You are viewing a plain text version of this content. The canonical link for it is here.

Posted to user@crunch.apache.org by Peter Dolan <pe...@nunahealth.com> on 2015/01/19 17:28:42 UTC

PipelineResult#succeeded interpretation

Hi Crunchers,

At Nuna we've been using Crunch extensively, and I'm really thrilled with
it.  It's excellent.  There are of course some rough edges though.

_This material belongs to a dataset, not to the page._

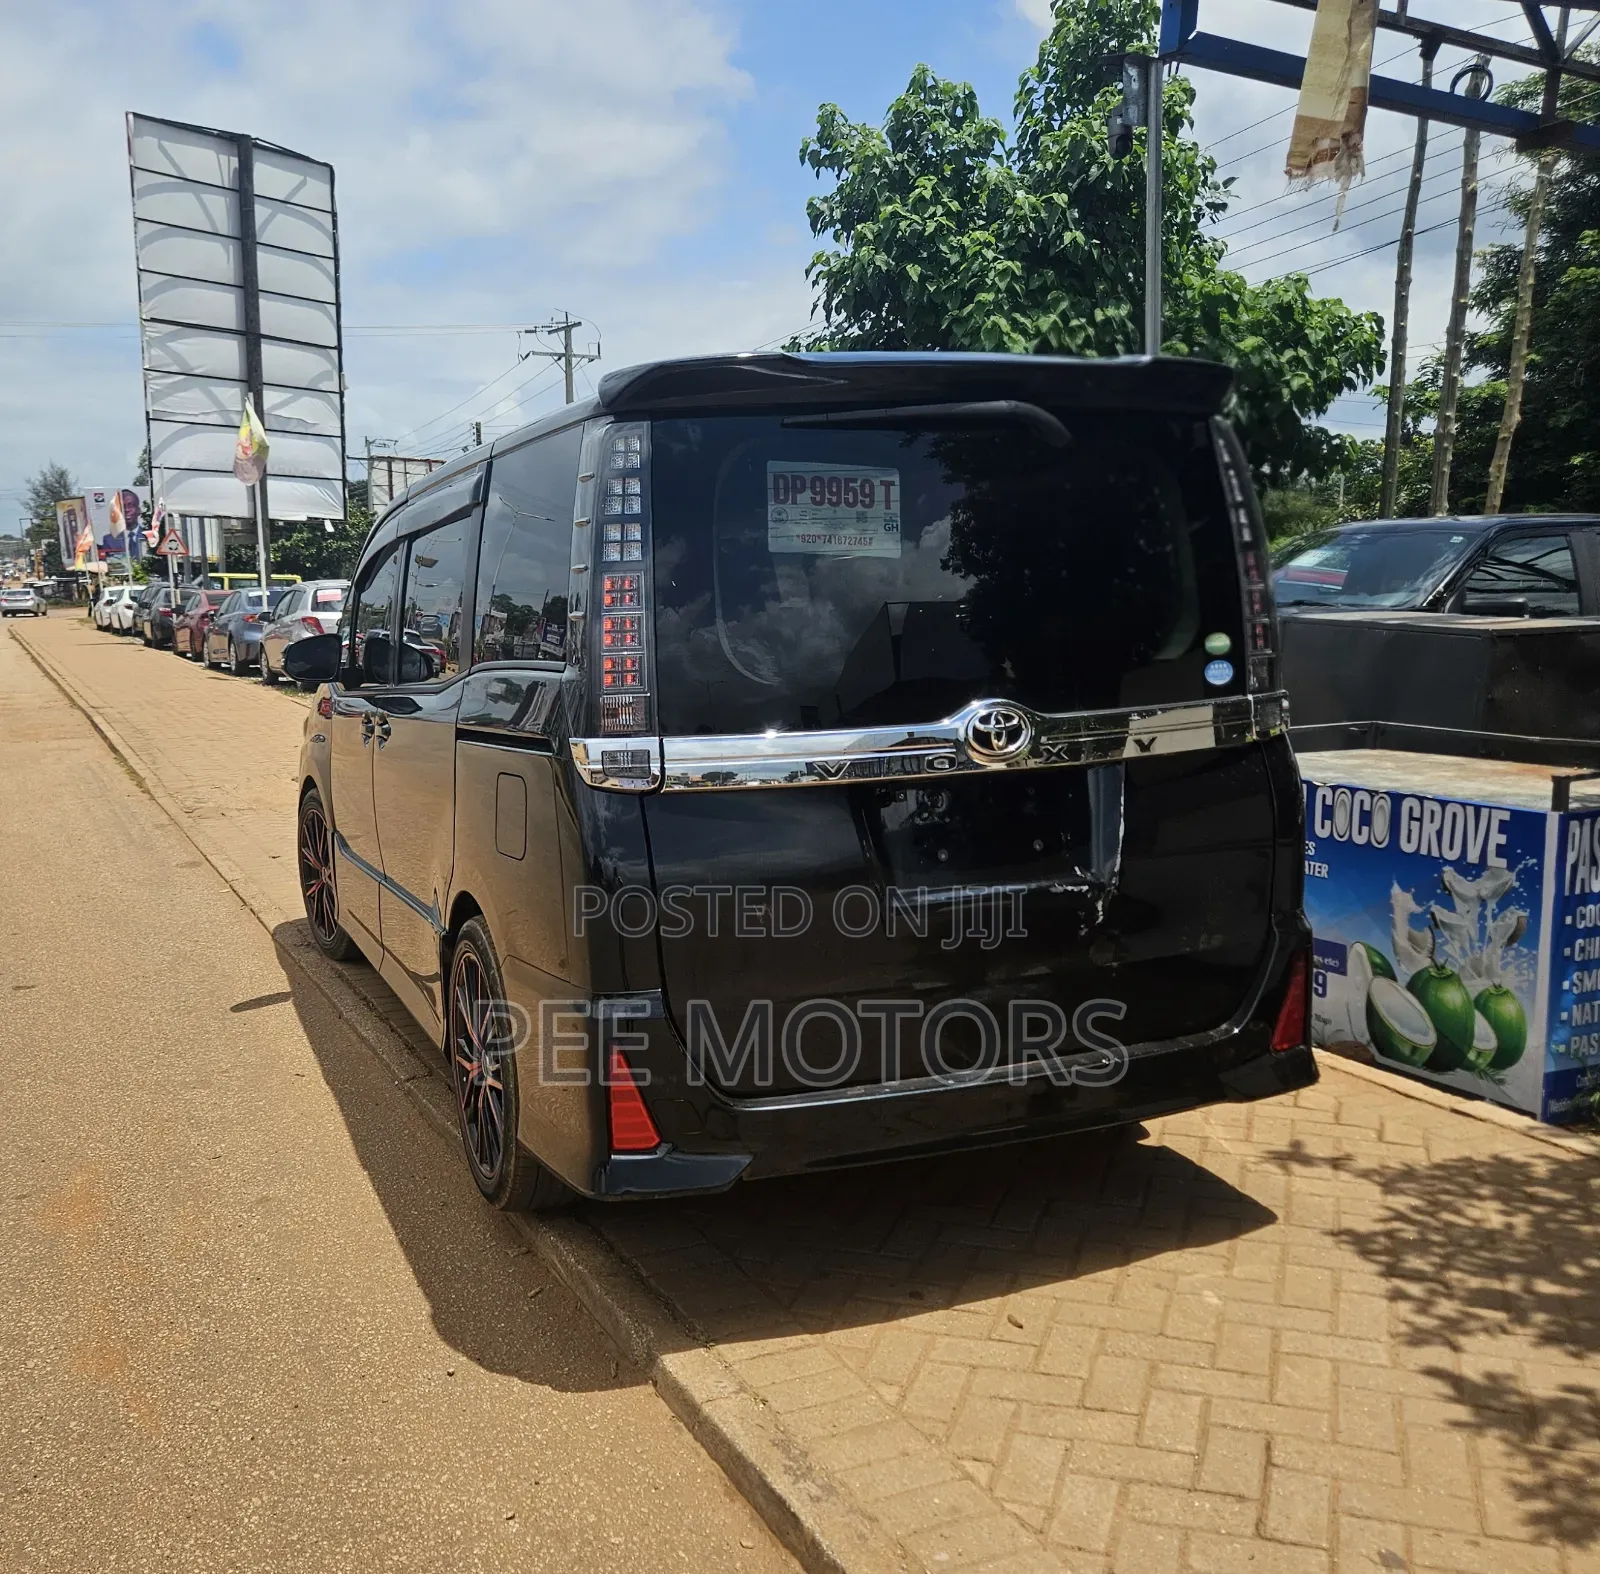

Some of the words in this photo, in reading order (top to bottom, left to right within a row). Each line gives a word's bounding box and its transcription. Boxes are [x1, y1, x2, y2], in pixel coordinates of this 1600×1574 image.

Today I ran into some exceptions being thrown in the Spark pipeline, and am
curious why they weren't resulting in the PipelineResult reporting
failure.  In particular, my spark pipeline (running with a local spark
instance, that is with the spark master set to "local[16]") failed with an
IOException when the machine ran out of space in /tmp/.  The PipelineResult
retrieved by Pipeline#done returned true from PipelineResult#succeeded.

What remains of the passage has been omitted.